What was it like, I wonder, to play next to Moore? His reply is fluent and immediate, owing something, I suspect, to a thousand after-dinner speeches from Penrith to Penzance.

"Bob was never quick but nobody outran him. He was not the greatest header of the ball but nobody beat him in the air. He was a great reader of the game. But all the same, Alf [Ramsey] used to say to me before games, 'you're responsible for every ball in the air at the far post, and don't trust Bobby Moore'. I'd say 'what do you mean, Alf?' He said that if I gave the ball to Bobby Moore, he would play it out of defence and through midfield, but that if he made a mistake I had to be there to recover it. Alf made sure I knew my responsibilities. I was not to play football. I could go up for corners and free-kicks, but only at the right times. That's why I like Tony Adams. He's solid, big, competitive and uncomplicated.

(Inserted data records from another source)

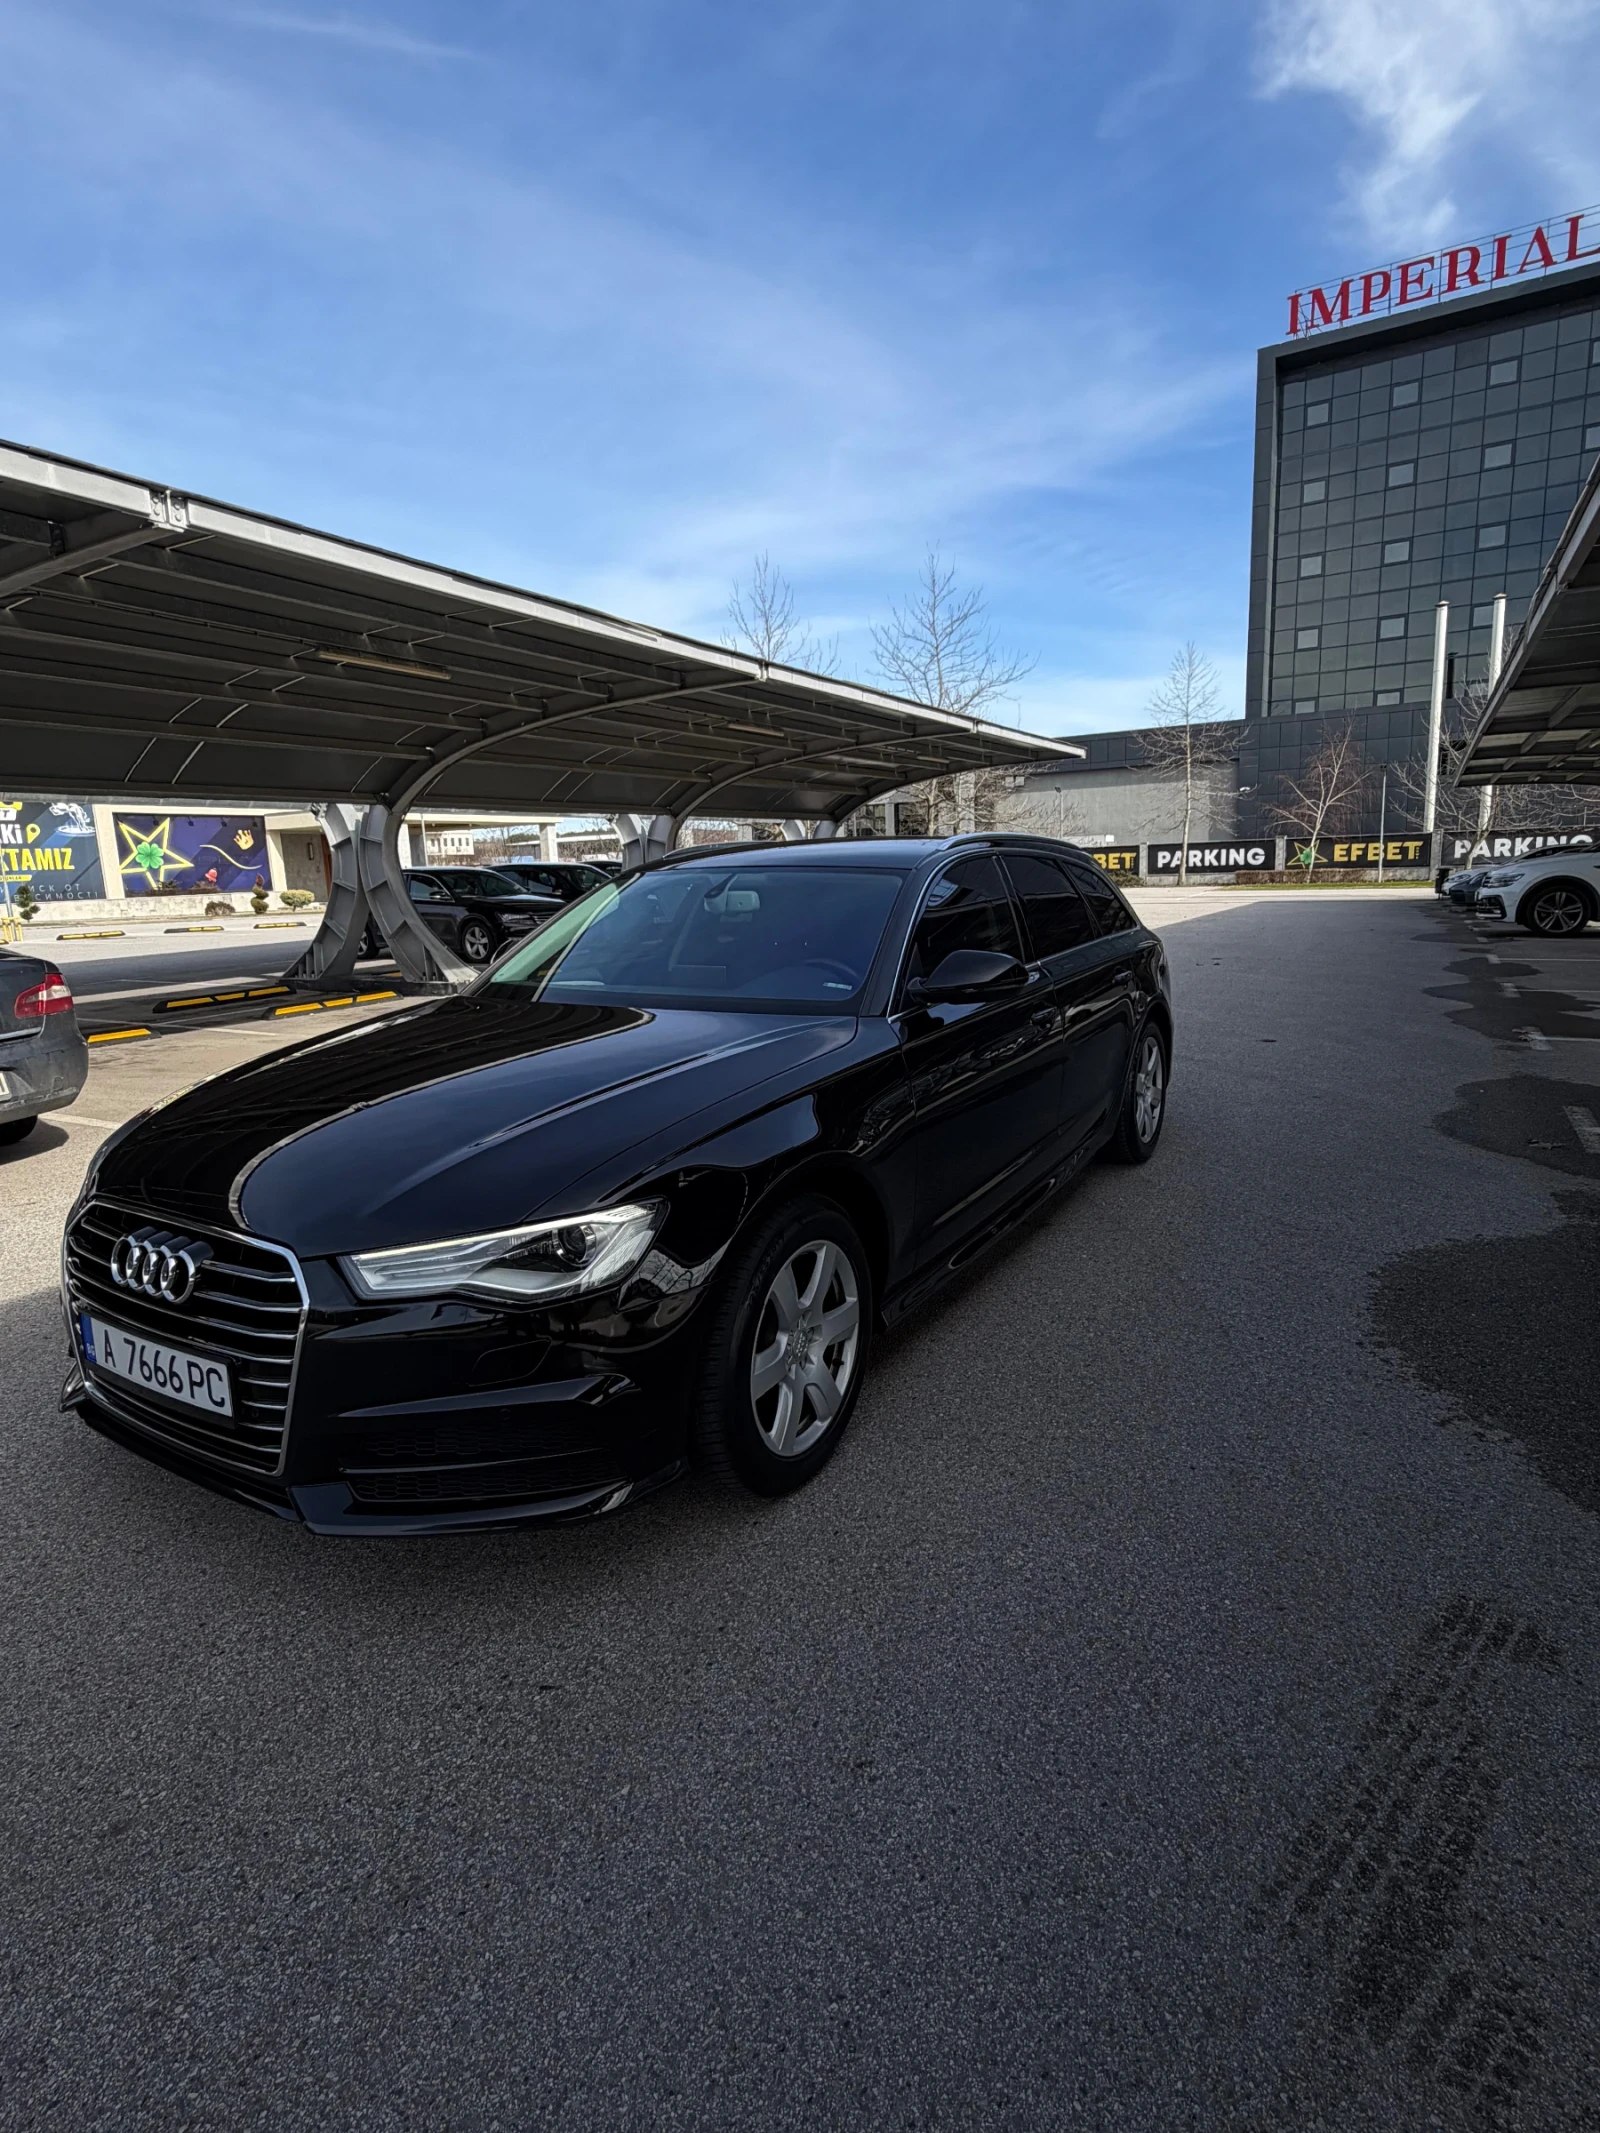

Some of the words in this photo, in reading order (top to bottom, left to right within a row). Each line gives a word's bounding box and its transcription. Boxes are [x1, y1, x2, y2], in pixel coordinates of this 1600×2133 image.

[1285, 214, 1600, 336] IMPERIAL
[1092, 852, 1137, 869] BET
[1157, 847, 1266, 868] PARKING
[1333, 841, 1424, 862] EFBET
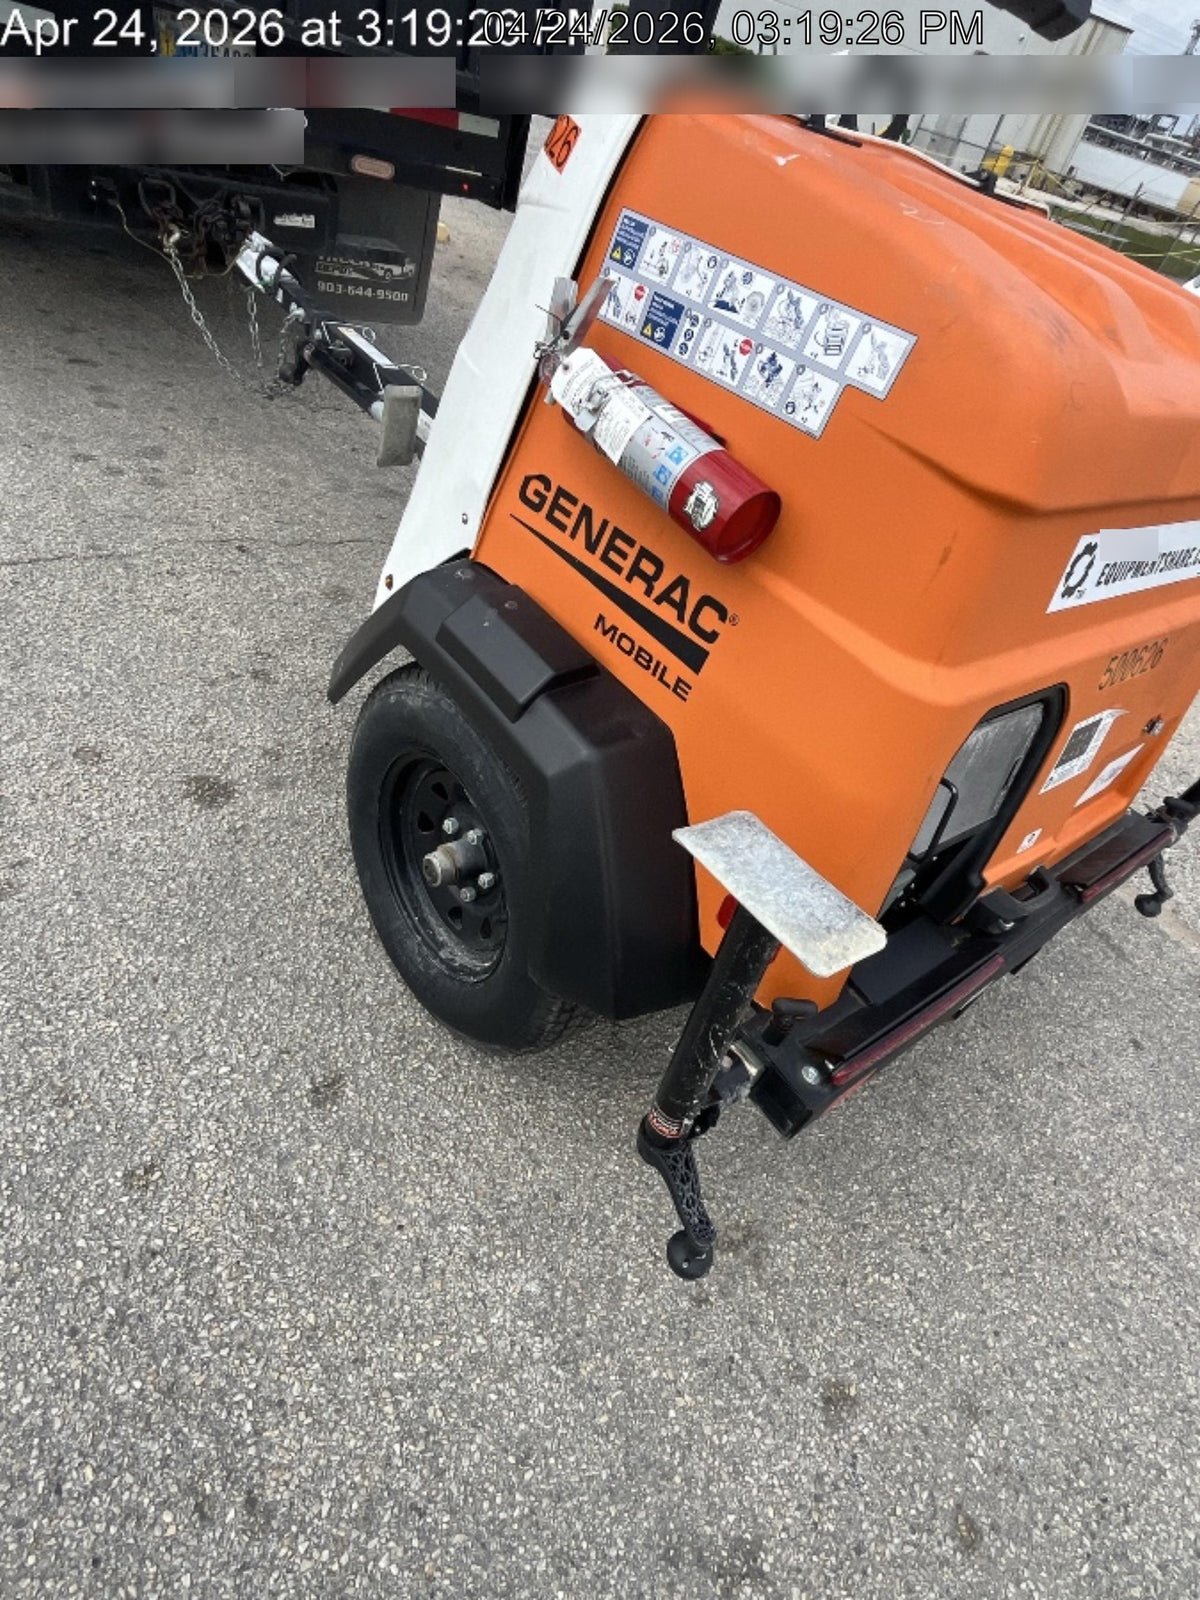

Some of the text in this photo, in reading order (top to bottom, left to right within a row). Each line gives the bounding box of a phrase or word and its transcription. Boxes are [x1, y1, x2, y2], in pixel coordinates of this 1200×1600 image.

"Centre-backs worry me to death when they want to play football. They shouldn't be good players. My job was to give the ball to someone who could do what I wasn't capable of, like our kid or Alan Ball."

Charlton played in every England game during the 1966 World Cup, and followed the same pre-match routine. "I would always go and sit on the toilet and take the programme with me. Then I'd leave the programme on the floor next to the toilet and put my boots on, left one first. The last thing I'd do was put what-do-you-call-it? up my nose." "Cocaine?" I venture. Big Jack honours me with a chuckle. "No, Vick. It cleared me channels. And then sometimes I'd have a little swill of whisky, although I never swallowed it, just washed me mouth out with it."

On 30 July 1966, contemplating the most significant game in which he would ever play, Charlton observed all those pre-match rituals and then lined up in the Wembley tunnel. "You couldn't hear any noise, just the sound of your studs on the concrete floor. But when the crowd saw us there was this unbelievable roar. And I did what I always did. I looked up the scoreboard - which said England 0 West Germany 0 - and wondered what it would say at the end of the game. I only lost one game at Wembley, you know, a friendly against Austria. We lost one against the Jocks but that was later. Anyway, I marked Uwe Seeler, who was a bit like Franny Lee (not to mention Michael Owen). If you let him turn and run at you, you were in trouble. I had to stay up his arse all the time, which I did, but the worst part of the game for me was in the last 15 minutes, when they pushed Willie Schulz up and I had two people to mark. We were 2-1 up with a minute to go and then I committed a foul on the right-hand side. The ref gave a free-kick and they scored a fortunate goal.

"So then it was extra-time. Funnily enough, I'd played in the FA Cup final the year before, between Leeds and Liverpool, which I think was the first time there was ever extra-time at Wembley. This time, Alf came over and said 'you've won it once, now you're going to have to win it again... now stand up, we don't want those Germans to think we're tired.'"

We all know what happened next. But what happened afterwards? "We went to a reception at the Royal Garden Hotel and I finished up with Jimmy Mossop, who used to write for the Express. We went to the Astor Club and ended up going back to someone's house for a drink or two. Jimmy and me slept on the floor. I got back to the hotel at 11 the next morning, and there was me mother wanting to know where the hell I'd been all night."

Big Jack chuckles again, while I frivolously imagine the exchange at Mossop's house. "You'll never guess who I was with last night?" "Our Thelma?" "No, Jackie Charlton!"